The Human Protein Atlas (HPA) is a Swedish-based program started in 2003 with the aim to map all the human proteins in cells, tissues and organs using integration of various omics technologies, including antibody-based imaging, mass spectrometry-based proteomics, transcriptomics and systems biology. All the data in the knowledge resource is open access to allow scientists both in academia and industry to freely access the data for exploration of the human proteome. In December 2022, version 22 was launched where two new sections, a Human Disease Blood Atlas and a Structure resource section, were introduced, both relying heavily on AI-based prediction modelling and machine learning. 

The resource now includes twelve separate sections with complementary information about all human proteins. All data has been updated on the approximately 5 million individual web pages. The Human Protein Atlas program has already contributed to several thousands of publications in the field of human biology and disease and was selected by the organization ELIXIR as a European core resource due to its fundamental importance for a wider life science community. The HPA consortium is funded by the Knut and Alice Wallenberg Foundation.

Twelve sections
The Human Protein Atlas consists of twelve sections:
 The Tissue section of the Human Protein Atlas focuses on the expression profiles in human tissues of genes both on the mRNA and protein level. The protein expression data from 44 normal human tissue types is derived from antibody-based protein profiling using immunohistochemistry. All underlying images of immunohistochemistry stained normal tissues are available together with knowledge-based annotation of protein expression levels.
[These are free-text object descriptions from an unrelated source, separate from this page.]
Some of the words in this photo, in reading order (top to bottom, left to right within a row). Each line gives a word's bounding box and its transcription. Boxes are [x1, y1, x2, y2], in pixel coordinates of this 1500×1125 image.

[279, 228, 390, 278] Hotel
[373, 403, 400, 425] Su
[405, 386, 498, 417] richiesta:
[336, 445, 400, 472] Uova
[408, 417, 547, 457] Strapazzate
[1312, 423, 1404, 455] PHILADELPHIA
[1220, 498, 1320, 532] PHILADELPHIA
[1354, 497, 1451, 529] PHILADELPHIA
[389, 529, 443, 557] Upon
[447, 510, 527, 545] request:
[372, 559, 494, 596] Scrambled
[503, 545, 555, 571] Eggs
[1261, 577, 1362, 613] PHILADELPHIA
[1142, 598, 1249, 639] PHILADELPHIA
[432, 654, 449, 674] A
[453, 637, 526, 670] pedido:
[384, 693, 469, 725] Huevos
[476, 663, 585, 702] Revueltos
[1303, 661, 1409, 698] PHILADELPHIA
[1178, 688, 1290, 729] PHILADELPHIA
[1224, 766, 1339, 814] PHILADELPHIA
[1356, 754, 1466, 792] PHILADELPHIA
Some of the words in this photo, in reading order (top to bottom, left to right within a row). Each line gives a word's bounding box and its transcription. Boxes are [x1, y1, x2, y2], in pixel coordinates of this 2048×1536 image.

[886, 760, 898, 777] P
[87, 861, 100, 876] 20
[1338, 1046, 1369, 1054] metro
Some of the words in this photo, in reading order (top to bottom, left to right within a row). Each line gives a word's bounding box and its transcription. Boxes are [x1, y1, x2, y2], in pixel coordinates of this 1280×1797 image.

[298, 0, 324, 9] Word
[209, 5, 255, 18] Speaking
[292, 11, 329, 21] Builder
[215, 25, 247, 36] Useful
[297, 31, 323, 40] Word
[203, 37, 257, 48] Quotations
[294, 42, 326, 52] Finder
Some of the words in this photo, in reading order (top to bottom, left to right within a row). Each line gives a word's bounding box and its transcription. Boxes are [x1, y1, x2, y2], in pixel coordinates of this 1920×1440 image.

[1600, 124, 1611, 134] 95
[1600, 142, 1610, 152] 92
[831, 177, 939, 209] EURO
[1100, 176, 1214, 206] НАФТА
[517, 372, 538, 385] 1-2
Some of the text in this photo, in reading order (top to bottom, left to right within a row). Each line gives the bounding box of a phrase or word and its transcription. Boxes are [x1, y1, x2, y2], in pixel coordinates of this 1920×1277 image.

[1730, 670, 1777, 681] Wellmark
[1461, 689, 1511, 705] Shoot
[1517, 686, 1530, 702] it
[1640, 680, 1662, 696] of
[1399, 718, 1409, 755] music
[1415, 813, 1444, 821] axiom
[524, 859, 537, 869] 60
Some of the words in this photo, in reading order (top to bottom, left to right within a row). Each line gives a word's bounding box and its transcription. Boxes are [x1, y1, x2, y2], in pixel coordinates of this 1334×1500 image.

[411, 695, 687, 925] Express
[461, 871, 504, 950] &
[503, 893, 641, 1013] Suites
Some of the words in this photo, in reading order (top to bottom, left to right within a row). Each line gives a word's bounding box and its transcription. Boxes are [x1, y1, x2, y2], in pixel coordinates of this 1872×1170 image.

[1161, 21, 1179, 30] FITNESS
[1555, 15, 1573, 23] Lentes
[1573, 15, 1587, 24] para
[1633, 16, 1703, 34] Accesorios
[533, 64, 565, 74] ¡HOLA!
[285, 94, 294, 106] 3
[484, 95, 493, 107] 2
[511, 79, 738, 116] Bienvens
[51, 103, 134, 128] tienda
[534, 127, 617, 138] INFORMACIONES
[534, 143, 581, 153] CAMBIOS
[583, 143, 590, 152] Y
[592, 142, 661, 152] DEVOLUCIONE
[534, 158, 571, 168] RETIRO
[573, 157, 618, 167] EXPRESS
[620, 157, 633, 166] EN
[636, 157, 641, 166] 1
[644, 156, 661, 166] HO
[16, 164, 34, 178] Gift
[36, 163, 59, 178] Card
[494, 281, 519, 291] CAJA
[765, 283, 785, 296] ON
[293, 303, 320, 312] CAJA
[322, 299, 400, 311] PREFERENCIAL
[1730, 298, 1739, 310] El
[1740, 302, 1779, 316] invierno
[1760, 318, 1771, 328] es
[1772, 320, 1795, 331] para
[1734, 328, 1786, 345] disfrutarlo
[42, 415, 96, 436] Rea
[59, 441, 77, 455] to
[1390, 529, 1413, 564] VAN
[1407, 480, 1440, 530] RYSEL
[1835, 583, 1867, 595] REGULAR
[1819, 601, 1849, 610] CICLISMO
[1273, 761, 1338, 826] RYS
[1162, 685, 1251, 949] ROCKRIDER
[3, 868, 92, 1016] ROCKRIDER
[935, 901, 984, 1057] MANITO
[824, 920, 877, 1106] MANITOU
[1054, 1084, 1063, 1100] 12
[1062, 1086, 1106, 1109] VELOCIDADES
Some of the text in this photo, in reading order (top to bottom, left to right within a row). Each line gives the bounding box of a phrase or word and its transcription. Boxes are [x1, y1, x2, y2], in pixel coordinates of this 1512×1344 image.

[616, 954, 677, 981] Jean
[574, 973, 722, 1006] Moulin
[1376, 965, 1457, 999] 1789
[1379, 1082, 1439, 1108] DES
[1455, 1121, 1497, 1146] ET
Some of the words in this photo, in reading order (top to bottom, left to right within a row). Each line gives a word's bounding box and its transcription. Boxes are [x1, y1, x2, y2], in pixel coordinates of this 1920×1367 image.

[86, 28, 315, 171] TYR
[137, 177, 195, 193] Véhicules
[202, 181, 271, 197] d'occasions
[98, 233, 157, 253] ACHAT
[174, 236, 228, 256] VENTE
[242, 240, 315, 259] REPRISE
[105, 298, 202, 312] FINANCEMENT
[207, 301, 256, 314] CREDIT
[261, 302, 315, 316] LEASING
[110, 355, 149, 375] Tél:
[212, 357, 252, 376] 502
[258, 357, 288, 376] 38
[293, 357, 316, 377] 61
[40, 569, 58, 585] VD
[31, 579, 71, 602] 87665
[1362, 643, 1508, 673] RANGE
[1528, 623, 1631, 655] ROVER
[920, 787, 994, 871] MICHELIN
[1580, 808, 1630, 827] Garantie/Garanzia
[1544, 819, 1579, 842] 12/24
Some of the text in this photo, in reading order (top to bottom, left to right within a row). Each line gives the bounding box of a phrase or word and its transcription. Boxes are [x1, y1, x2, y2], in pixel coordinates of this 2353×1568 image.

 The Brain section provides comprehensive spatial profiling of the brain, including overview of protein expression in the mammalian brain based on integration of data from human, pig and mouse. Transcriptomics data combined with affinity-based protein in situ localization down to single cell detail is available in this brain-centric sub atlas of the Human Protein Atlas. The data presented are for human genes and their one-to-one orthologues in pig and mouse. Gene summary pages provide the hierarchical expression landscape form 13 main regions of the brain to individual nuclei and subfields for every protein coding gene. For selected proteins, high content images are available to explore the cellular and subcellular protein distribution. In addition, the Brain section contains lists of genes with elevated expression in one or a group of regions to help the user identify unique protein expression profiles linked to physiology and function.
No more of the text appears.